Output each entry verbatim. Leave the images out.

### Record set
════

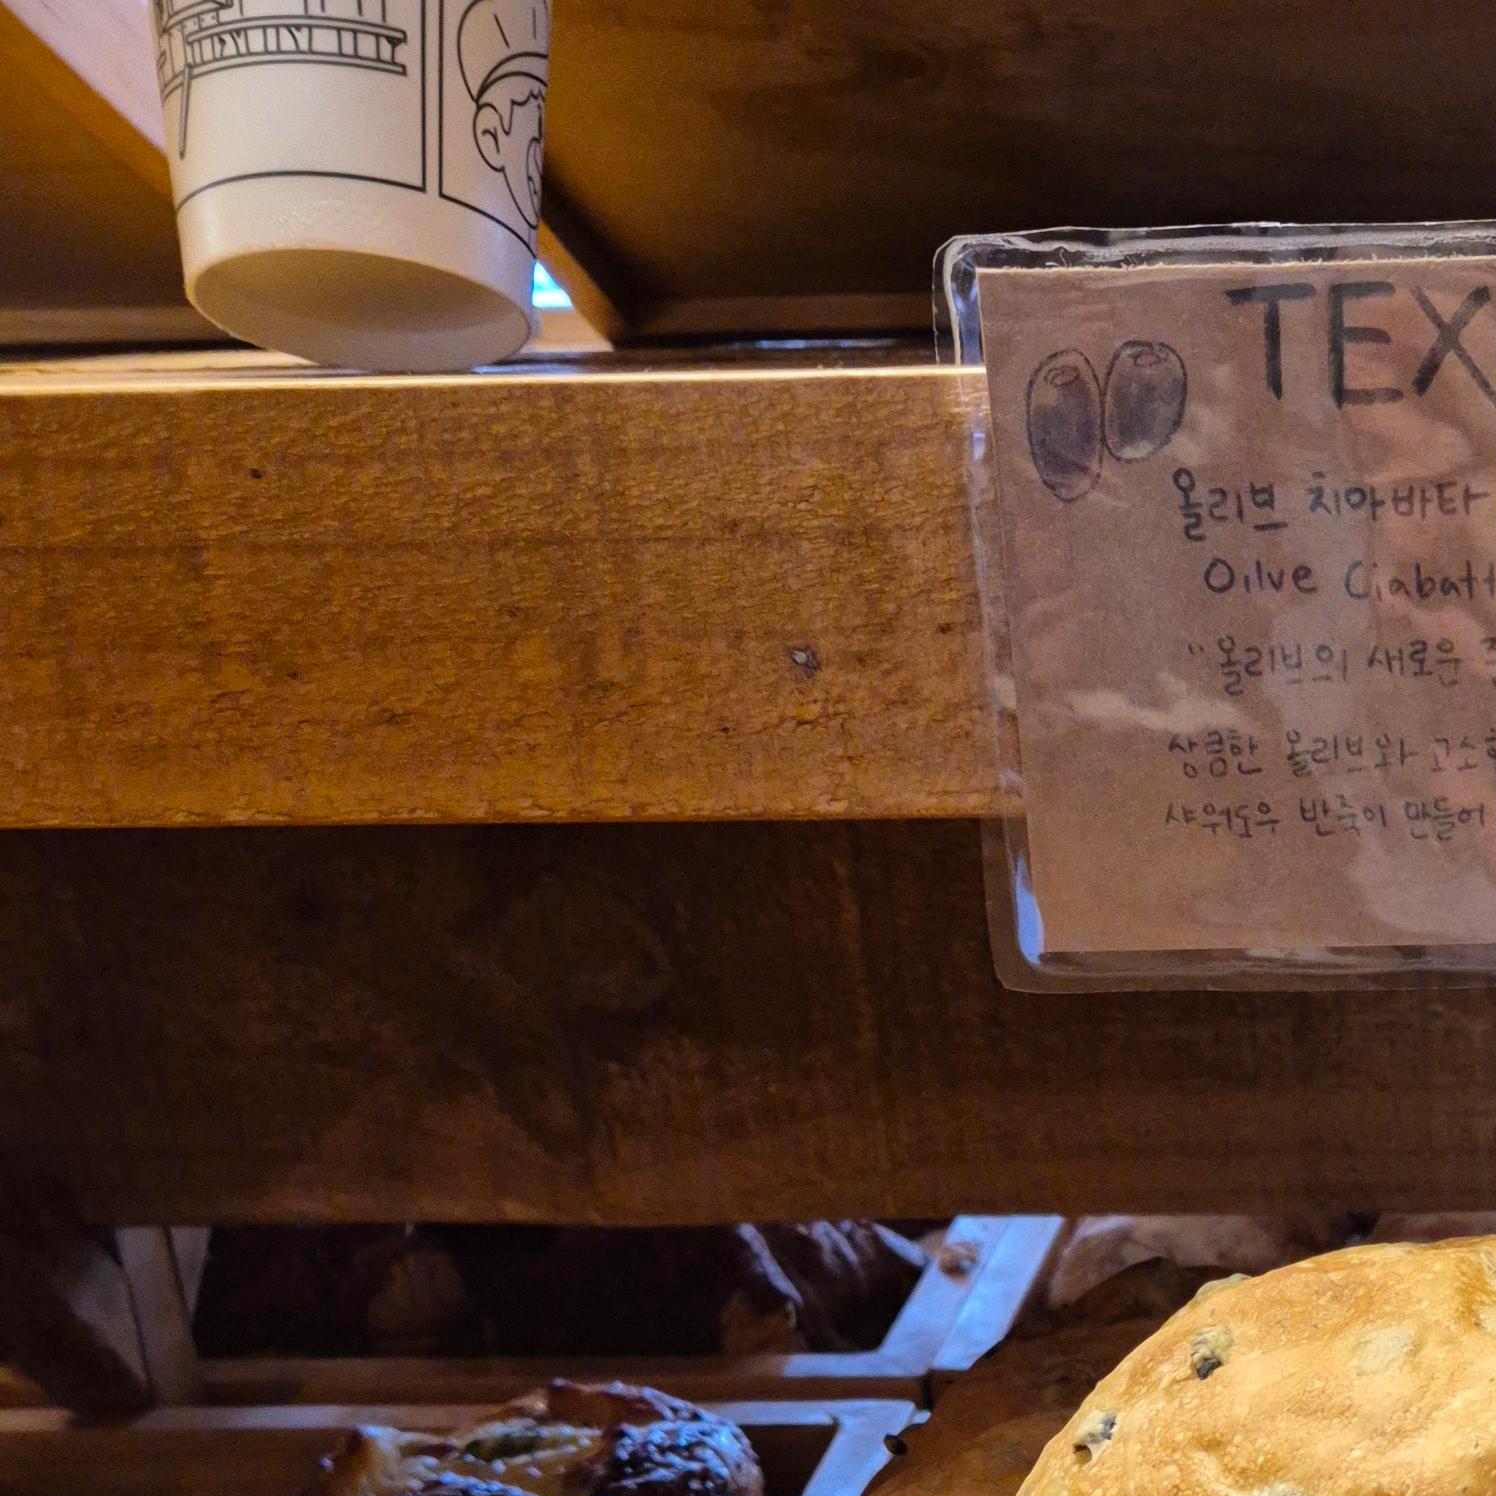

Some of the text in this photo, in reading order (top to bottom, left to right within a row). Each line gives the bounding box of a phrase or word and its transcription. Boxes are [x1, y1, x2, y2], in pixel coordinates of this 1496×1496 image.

[1172, 467, 1490, 541] 올리브 치아바타
[1366, 637, 1463, 687] 새로운
[1168, 729, 1263, 778] 상큼한
[1286, 729, 1418, 777] 올리브와
[1301, 794, 1387, 837] 반죽이

════

### Result of this exercise
Some of the text in this photo, in reading order (top to bottom, left to right within a row). Each line gives the bounding box of a phrase or word and its transcription. Boxes are [x1, y1, x2, y2], in pixel coordinates of this 1496×1496 image.

[1172, 467, 1490, 541] 올리브 치아바타
[1366, 637, 1463, 687] 새로운
[1168, 729, 1263, 778] 상큼한
[1286, 729, 1418, 777] 올리브와
[1301, 794, 1387, 837] 반죽이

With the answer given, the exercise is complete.